Sous un buisson, il découvrit une coccinelle rouge qui grimpait sur ses doigts. « Bonjour, petite chanceuse ! » dit-il en la regardant s'envoler. Un peu plus loin, il s'arrêta devant une pierre chaude, où se reposait un lézard vert. Arthur n'osa pas le toucher, mais il resta là, admirant le soleil qui faisait briller sa peau.
Papa appela : « On construit une cabane en branches ? » Arthur accepta tout de suite. Ils ramassèrent des bâtons, les posèrent délicatement les uns contre les autres, ajustant chaque branche avec précaution.
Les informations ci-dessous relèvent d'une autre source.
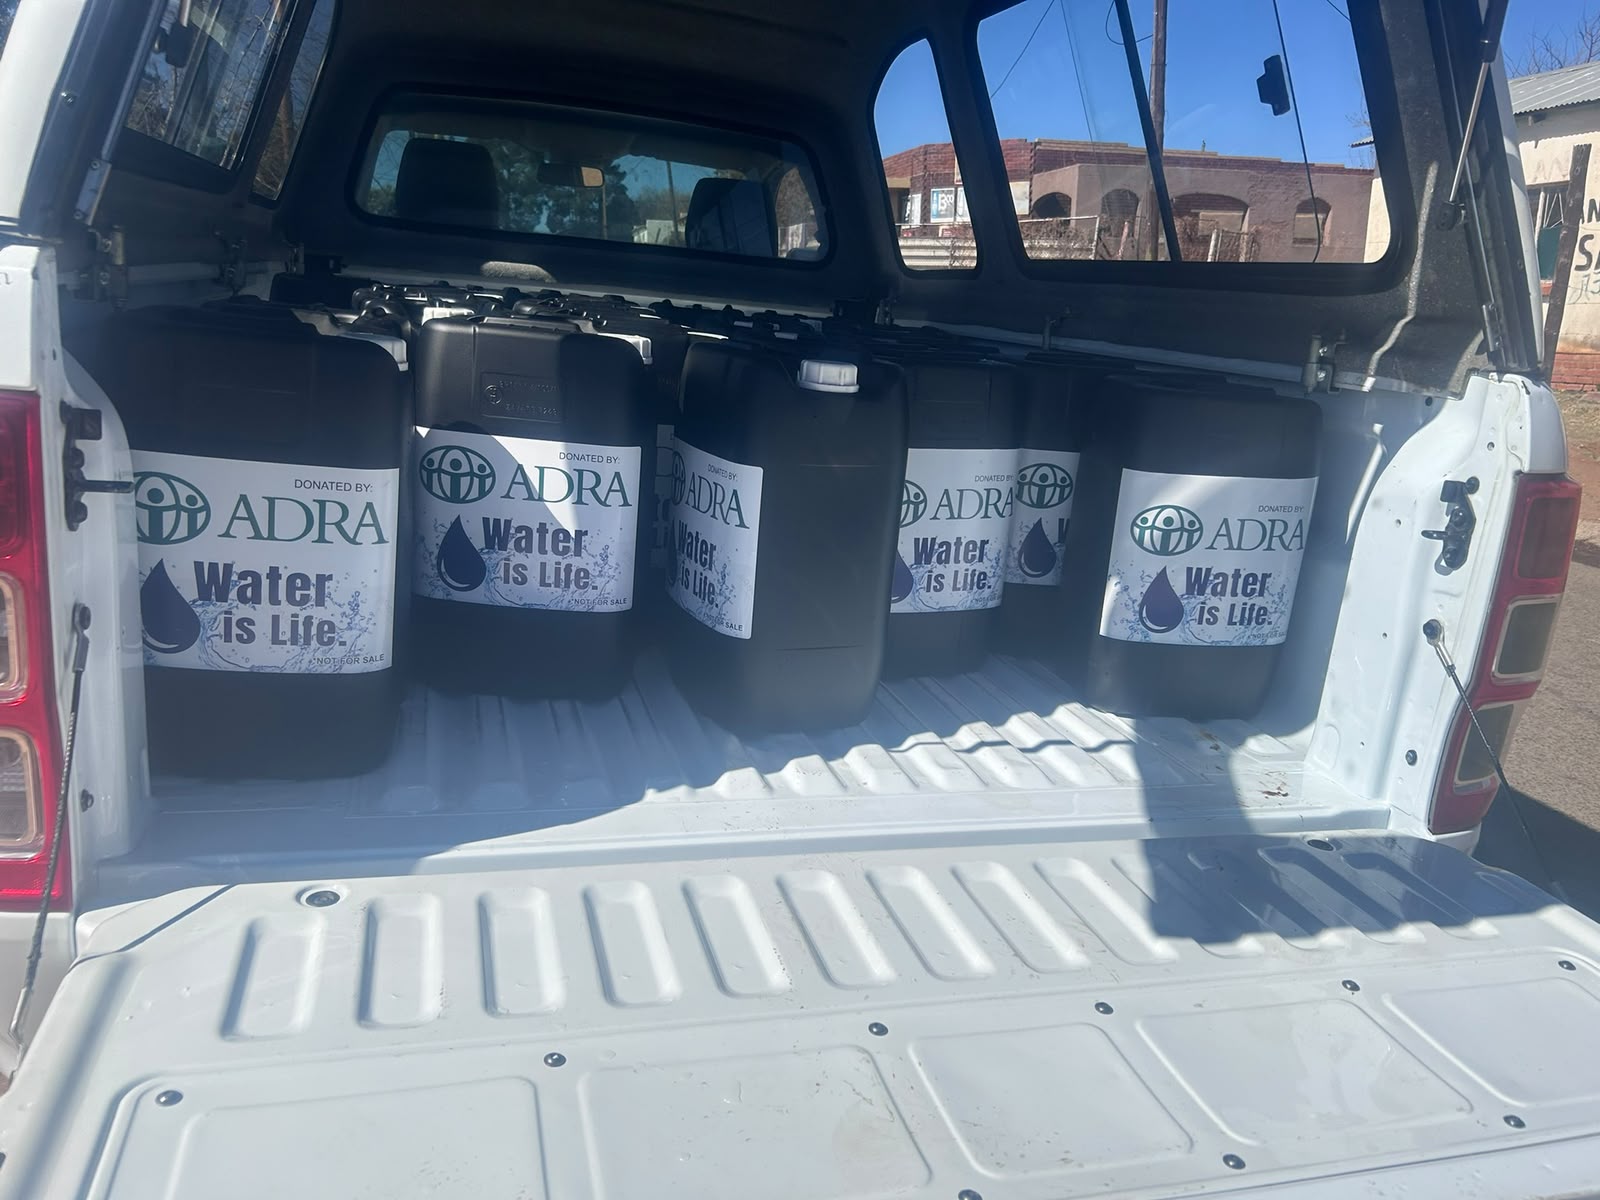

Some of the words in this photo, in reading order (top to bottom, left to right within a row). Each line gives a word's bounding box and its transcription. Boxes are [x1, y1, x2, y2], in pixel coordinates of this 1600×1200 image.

[559, 452, 604, 464] DONATED
[605, 455, 621, 465] BY:
[708, 463, 728, 479] DONATED
[295, 479, 352, 492] DONATED
[355, 483, 373, 493] BY:
[500, 463, 633, 508] ADRA
[974, 474, 1005, 483] DONATED
[685, 471, 750, 530] ADRA
[929, 487, 1014, 521] ADRA
[1258, 505, 1293, 513] DONATED
[217, 493, 390, 545] ADRA
[1204, 517, 1305, 552] ADRA
[482, 516, 589, 557] Water
[677, 519, 717, 571] Water
[913, 536, 990, 566] Water
[193, 560, 334, 608] Water
[502, 558, 529, 586] is
[539, 561, 599, 591] Life.
[681, 561, 690, 591] is
[693, 572, 719, 609] Life.
[925, 570, 945, 593] is
[952, 568, 992, 592] Life.
[1185, 566, 1273, 598] Water
[592, 598, 609, 606] FOR
[610, 597, 628, 606] SALE
[1197, 601, 1220, 626] is
[1227, 602, 1273, 627] Life.
[223, 610, 256, 643] is
[271, 614, 347, 647] Life.
[725, 621, 744, 632] SALE
[340, 657, 360, 665] FOR
[362, 653, 385, 664] SALE
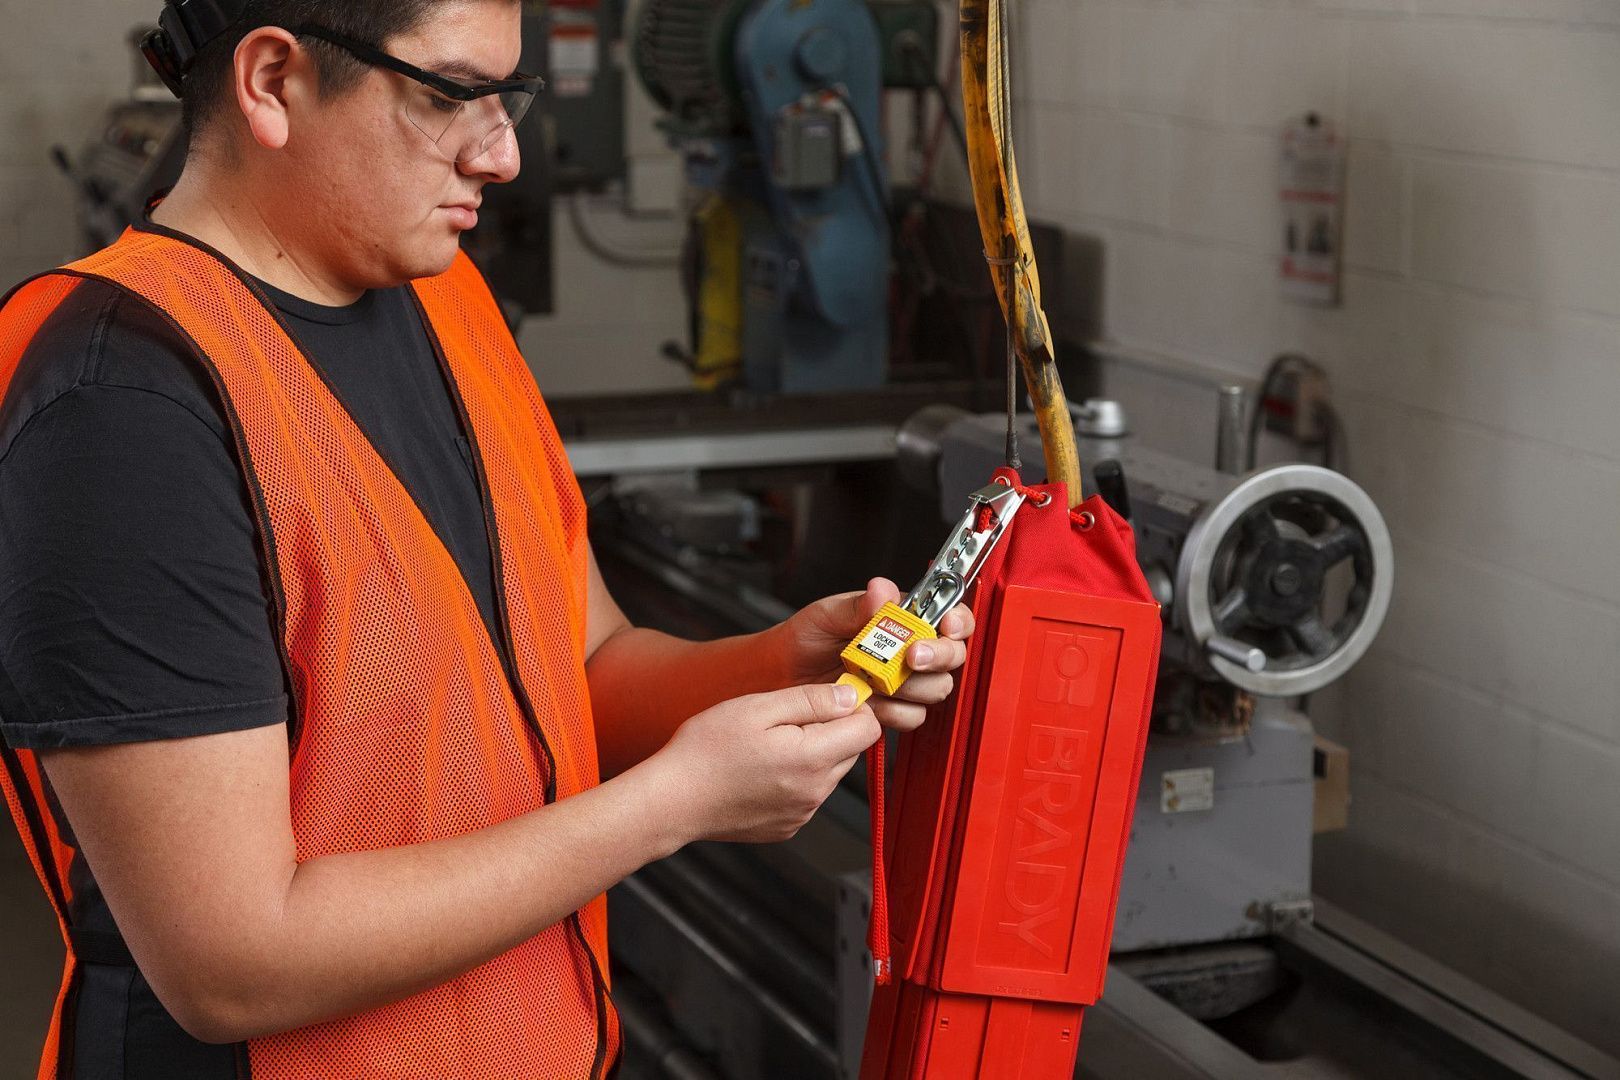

Arthur, appliqué, voulait que la cabane ne dérange ni les fourmis, ni les fleurs, ni les petites bêtes.
Maman, de loin, les observait. Elle glissa : « Tu prends soin de tout ce qui t'entoure, Arthur. C'est beau à voir. » Arthur, rouge de plaisir, répondit : « J'aime bien quand tout est à sa place, tranquille et heureux. »
Chapitre 5 : Le Retour et la Gratitude
Le soleil descendait doucement derrière les arbres. Arthur rangea tous les restes du pique-nique dans le sac, veillant à ne rien laisser derrière lui. Une dernière fois, il regarda la clairière, la lumière dorée, les fleurs, les petites bêtes, et sentit un grand calme en lui.
En marchant sur le chemin du retour, il sentit l'air tiède contre sa peau, entendit les oiseaux chanter comme pour lui dire au revoir. La plume de geai dans la poche, il pensa à tout ce qu'il avait vu, senti, touché aujourd'hui.
À la maison, le soir venu, Arthur raconta sa journée à son petit frère. Il parla des fleurs comme de petits soleils dans l'herbe, du papillon jaune, de la coccinelle, de la cabane. Il se sentait rempli de joie simple. Avant d'aller se coucher, il murmura à sa maman : « Merci pour cette belle journée. Je crois que le printemps, c'est comme un cadeau, tu trouves pas ? »
Sa maman lui répondit en l'embrassant tendrement : « Oui, Arthur. Et toi, tu sais vraiment voir les cadeaux du printemps. »
Arthur ferma les yeux, le cœur léger, rempli de gratitude. Dans la nuit douce, il rêva de la clairière, du soleil sur sa peau, et de tous les petits trésors du printemps qui rendaient le monde si beau.